If I've missed any, let me know:

  • Signing a load of dross under Sven (to be fair they saw the error of their ways here and re-appointed Pearson)
  • Promoting Jon Rudkin to DoF
  • The quickly reversed 'sacking' of Nigel Pearson in February 2015
  • Getting the stadium to clap the Thai King
  • A horrific transfer window in summer 2016 when they squandered the chance to use the PL win as a real springboard
  • Giving the job to Shakey full time
  • Appointing Claude Puel, while he signed some good players for us, a Southampton reject who was renowned for playing negative football was not a particularly ambitious managerial appointment for a club with the profile that we had at the time.
  • Adrien Silva 14 seconds fiasco
  • Appointing Brendan Rodgers
  • Letting Rodgers dismantle the ethos of the club and the team behind the scenes that Pearson and co built
  • Unnecessary new contract for Brendan Rodgers that made him so costly to sack
  • Overspending on mediocre to crap players with awful attitudes and handing out silly contracts like confetti, leading to the PSR issues we have now
  • The summer of 2022 mess
  • Letting Tielemans run his contract down
  • Horrific transfer business in January 2023, nearly signing Jack Harrison on £100k per week
  • Leaving it way too late to sack Brendan Rodgers
  • £880k fine for replica kit price fixing
  • Failing to sack Jon Rudkin following relegation, 'internal review' that as expected led to absolutely nothing
  • Signing more Premier League has beens like Conor Coady on silly money, completely failing to learn any lessons
  • Giving Hamza Choudhury a new contract
  • January 2024 transfer window mess which saw Casadei being recalled with no replacement and no other incomings, failed Stefano Sensi signing
  • £25 for a physical season ticket
  • Filling the West Stand with Thai celebs on the final game of 23-24 which prevented actual fans from being able to see the team lifting the trophy
  • Giving Jannik Vestergaard a new 3 year contract
  • Letting Dewsbury-Hall leave and then spending silly money on players like Skipp, Golding and Okoli.
  • The completely pointless signing of Woyo Coulibaly in January 2025
  • Nonsensical stadium bans that seem to be weaponised against fans who have been critical of King Power & Jon Rudkin
  • Preventing fans from handing out mental health awareness flyers due to 'environmental concerns', meanwhile they had no issue printing out tens of thousands of clappers every game.
  • Dodgy BC.GAME sponsor, no shirt sponsor for months this season before bringing them back.
  • #TruthFromThailand political propaganda being displayed on the screens at the stadium
  • Giving Luke Thomas a new contract
  • Appointing some Thai middle manager who has never worked in football or the UK before as Managing Director
  • Aiyawatt promising more communication and then going off to play Polo for weeks
  • Failing to pay staff before Christmas as promised

 

Don't forget lying through their teeth to the fans about away ticket collection in Europe and mandated coach travel for the FA Cup final.

  • Like 3
Posted
1 hour ago, Philkeavo said:

As the year draws to an end, I wanted (for my sanity!) to put into words how I feel about the state of the club — and about the fractured fanbase.

 

It is with dismay I read more and more posts highlighting the infighting among us supporters.
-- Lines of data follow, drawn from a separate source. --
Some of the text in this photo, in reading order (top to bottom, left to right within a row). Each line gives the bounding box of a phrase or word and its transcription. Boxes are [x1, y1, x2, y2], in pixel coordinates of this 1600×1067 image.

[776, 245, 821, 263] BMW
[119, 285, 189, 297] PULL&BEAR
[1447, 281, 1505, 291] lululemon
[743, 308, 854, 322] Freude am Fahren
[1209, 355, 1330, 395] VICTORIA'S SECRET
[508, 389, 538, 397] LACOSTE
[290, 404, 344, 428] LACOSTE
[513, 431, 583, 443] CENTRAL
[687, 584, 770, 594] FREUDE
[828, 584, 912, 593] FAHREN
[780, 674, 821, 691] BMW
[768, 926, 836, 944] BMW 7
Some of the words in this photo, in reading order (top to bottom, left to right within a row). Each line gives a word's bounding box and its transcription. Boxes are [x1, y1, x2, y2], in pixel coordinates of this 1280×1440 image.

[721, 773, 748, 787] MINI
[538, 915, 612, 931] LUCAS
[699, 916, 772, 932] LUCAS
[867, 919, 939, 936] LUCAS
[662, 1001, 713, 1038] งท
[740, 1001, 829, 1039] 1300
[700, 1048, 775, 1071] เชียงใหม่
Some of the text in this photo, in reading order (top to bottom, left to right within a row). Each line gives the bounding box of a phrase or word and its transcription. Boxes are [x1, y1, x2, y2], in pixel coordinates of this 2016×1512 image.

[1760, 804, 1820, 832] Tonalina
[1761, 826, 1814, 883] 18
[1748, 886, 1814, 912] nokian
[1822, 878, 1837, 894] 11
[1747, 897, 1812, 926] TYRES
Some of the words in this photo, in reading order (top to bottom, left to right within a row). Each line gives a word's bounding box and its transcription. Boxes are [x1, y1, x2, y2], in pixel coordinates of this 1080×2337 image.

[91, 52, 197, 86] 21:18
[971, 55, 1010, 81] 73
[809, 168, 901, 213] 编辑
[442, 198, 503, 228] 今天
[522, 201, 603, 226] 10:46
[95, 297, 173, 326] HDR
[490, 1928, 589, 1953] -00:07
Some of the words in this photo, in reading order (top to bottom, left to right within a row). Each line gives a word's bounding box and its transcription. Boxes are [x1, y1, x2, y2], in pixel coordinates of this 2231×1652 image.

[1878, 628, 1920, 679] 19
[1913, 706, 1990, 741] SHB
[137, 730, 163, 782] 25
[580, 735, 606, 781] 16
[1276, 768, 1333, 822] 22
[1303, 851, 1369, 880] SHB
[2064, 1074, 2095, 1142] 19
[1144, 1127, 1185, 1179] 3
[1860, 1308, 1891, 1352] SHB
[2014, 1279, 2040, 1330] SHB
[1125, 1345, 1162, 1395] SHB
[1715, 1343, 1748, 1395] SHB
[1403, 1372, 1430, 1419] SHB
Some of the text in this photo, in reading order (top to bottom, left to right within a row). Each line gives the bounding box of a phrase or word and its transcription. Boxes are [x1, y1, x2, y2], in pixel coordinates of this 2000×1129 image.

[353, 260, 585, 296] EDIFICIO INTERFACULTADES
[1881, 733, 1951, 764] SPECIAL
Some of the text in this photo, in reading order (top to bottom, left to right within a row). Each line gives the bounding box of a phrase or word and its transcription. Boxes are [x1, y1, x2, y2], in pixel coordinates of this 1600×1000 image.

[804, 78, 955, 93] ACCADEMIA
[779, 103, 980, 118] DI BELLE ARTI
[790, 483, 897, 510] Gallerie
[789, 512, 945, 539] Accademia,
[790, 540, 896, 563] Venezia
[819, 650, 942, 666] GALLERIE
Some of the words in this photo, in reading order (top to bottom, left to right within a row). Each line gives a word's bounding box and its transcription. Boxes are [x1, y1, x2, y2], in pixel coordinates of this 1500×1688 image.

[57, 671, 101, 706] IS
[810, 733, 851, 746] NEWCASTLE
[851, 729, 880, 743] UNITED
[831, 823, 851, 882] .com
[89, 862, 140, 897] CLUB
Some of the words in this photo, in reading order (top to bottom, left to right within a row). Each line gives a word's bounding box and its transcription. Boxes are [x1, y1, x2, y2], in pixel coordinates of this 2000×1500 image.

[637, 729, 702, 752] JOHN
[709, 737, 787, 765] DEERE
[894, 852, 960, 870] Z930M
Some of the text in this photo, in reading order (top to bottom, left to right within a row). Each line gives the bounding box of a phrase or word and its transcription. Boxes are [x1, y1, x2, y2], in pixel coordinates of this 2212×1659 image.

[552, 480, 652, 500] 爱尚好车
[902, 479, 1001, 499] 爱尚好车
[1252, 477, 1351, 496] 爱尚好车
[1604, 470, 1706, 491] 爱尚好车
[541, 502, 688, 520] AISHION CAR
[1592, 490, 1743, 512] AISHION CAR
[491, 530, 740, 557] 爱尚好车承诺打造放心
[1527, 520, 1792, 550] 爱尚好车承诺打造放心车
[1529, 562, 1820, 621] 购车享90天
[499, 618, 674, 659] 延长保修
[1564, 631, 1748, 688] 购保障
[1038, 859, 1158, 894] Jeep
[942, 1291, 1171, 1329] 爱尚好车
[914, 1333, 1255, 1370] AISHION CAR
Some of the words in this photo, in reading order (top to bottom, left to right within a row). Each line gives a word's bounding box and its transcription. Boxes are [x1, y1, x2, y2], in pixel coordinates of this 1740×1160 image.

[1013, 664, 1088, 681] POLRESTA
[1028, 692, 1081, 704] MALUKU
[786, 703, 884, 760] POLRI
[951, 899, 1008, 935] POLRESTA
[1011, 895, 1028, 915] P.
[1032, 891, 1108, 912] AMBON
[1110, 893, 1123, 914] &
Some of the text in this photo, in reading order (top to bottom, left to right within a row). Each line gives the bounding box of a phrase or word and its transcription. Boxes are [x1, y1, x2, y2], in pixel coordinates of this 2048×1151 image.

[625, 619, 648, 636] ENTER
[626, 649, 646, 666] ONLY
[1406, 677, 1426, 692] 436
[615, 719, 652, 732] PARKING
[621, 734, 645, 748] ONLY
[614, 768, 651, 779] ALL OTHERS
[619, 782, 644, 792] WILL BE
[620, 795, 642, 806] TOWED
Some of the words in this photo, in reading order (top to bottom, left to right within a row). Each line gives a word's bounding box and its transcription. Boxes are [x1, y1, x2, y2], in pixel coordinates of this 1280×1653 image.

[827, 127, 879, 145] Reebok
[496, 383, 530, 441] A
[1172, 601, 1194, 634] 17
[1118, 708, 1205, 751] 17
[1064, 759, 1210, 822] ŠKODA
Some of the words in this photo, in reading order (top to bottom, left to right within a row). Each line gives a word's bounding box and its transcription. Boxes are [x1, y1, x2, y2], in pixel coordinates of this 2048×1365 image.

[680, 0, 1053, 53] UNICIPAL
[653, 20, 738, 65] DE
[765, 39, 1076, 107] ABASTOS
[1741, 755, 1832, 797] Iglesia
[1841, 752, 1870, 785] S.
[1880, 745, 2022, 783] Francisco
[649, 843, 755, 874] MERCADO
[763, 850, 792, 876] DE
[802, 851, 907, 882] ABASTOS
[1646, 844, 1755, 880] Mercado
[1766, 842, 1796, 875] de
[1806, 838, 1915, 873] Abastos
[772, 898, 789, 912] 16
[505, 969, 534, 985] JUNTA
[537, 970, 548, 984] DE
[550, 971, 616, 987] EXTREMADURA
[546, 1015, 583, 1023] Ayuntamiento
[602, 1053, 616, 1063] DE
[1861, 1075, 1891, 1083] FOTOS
People like me, who are highly critical of King Power and Aiyawatt Srivaddhanaprabha, are often derided by others who will back the ownership regardless of how bad things become. I do not write this to criticise those fans, who are, after all fellow supporters. We all care deeply about Leicester City. But I do want those fans to reflect on a simple truth: this is not the King Power they believed in under Vichai. And it is not disloyal, entitled or ungrateful to say so.

 

Criticising Aiyawatt’s leadership is not an attack on Vichai’s legacy — it is a defence of it. That legacy has been squandered, and it is entirely justified for people to say so.

 

I believe Leicester City Football Club is broken — not by bad luck or misfortune, but by catastrophic leadership. The responsibility lies squarely at the top with Aiyawatt, whose stewardship has dragged our once-proud, respected and successful club into chaos.

 

Our club defied history. We won the Premier League against all odds. We finally lifted the FA Cup. We enjoyed European nights that put Leicester on the world stage. For years, Leicester City was held up as a model of how a football club should be run. That reputation has now been comprehensively destroyed.

 

In my view, Aiyawatt has proven completely incompetent at managing a modern football club. The same failures that have seen him effectively replaced within the King Power business empire have been repeated at Leicester City. Poor decision-making, lack of oversight and an inability to act decisively have defined his chairmanship. It has been passive when it needed to be ruthless, arrogant when it needed humility, and absent when leadership was required most.

 

On the pitch, the decline would be laughable if wasn’t so tragic. We watch this arrogant and badly unbalanced squad blunder through games — many of the players who appear disengaged, overpaid and devoid of accountability. Recruitment has been an incoherent disaster, wages have spiralled, and standards have collapsed. Managers are blamed and moved on, yet the same problems persist because the owner and his lackey refuse to confront their own shortcomings.

 

The appointment of Martí Cifuentes is the clearest example of this dysfunction. It felt like a poor and uninspiring choice, driven by desperation rather than any coherent strategy. I was one of those who desperately wanted him to work out, but sadly, under his watch, I have seen some of the worst performances and results in recent memory, capped by yesterday’s abject home defeat to Watford. There is no clear identity, no visible progression, and no sense that this team knows what it is trying to be.

 

What frustrates me most is the complete lack of direction. As a fan, I am not demanding miracles — I am asking for honesty, clarity and competence. Instead, we are left in the dark, watching a spectacular fall from grace with no explanation, no plan and no reassurance. Communication from the club has been hollow, reactive (in support of the worse DOF ever!) and insulting to supporters who have given unwavering loyalty through the greatest period in our history.

 

What I am trying to get off my chest is not a fan with a sense of entitlement — it is anger and frustration. A sense of anger for what Leicester City has become, and rage at how carelessly its progress has been undone. Aiyawatt inherited enormous goodwill following his father’s legacy, but that credit has long since been exhausted. Legacy alone does not run a football club. Competence does.

 

If you still consider yourself firmly in the King Power camp, I would simply ask that you take off the KPFC-tinted spectacles for a moment and look honestly at where we are. This is not about loyalty to owners or branding; it is about loyalty to Leicester City Football Club. Change will not come through denial or division. It will only come if we are a fanbase pulling in the same direction, prepared to challenge poor leadership and demand better for the club we all care about.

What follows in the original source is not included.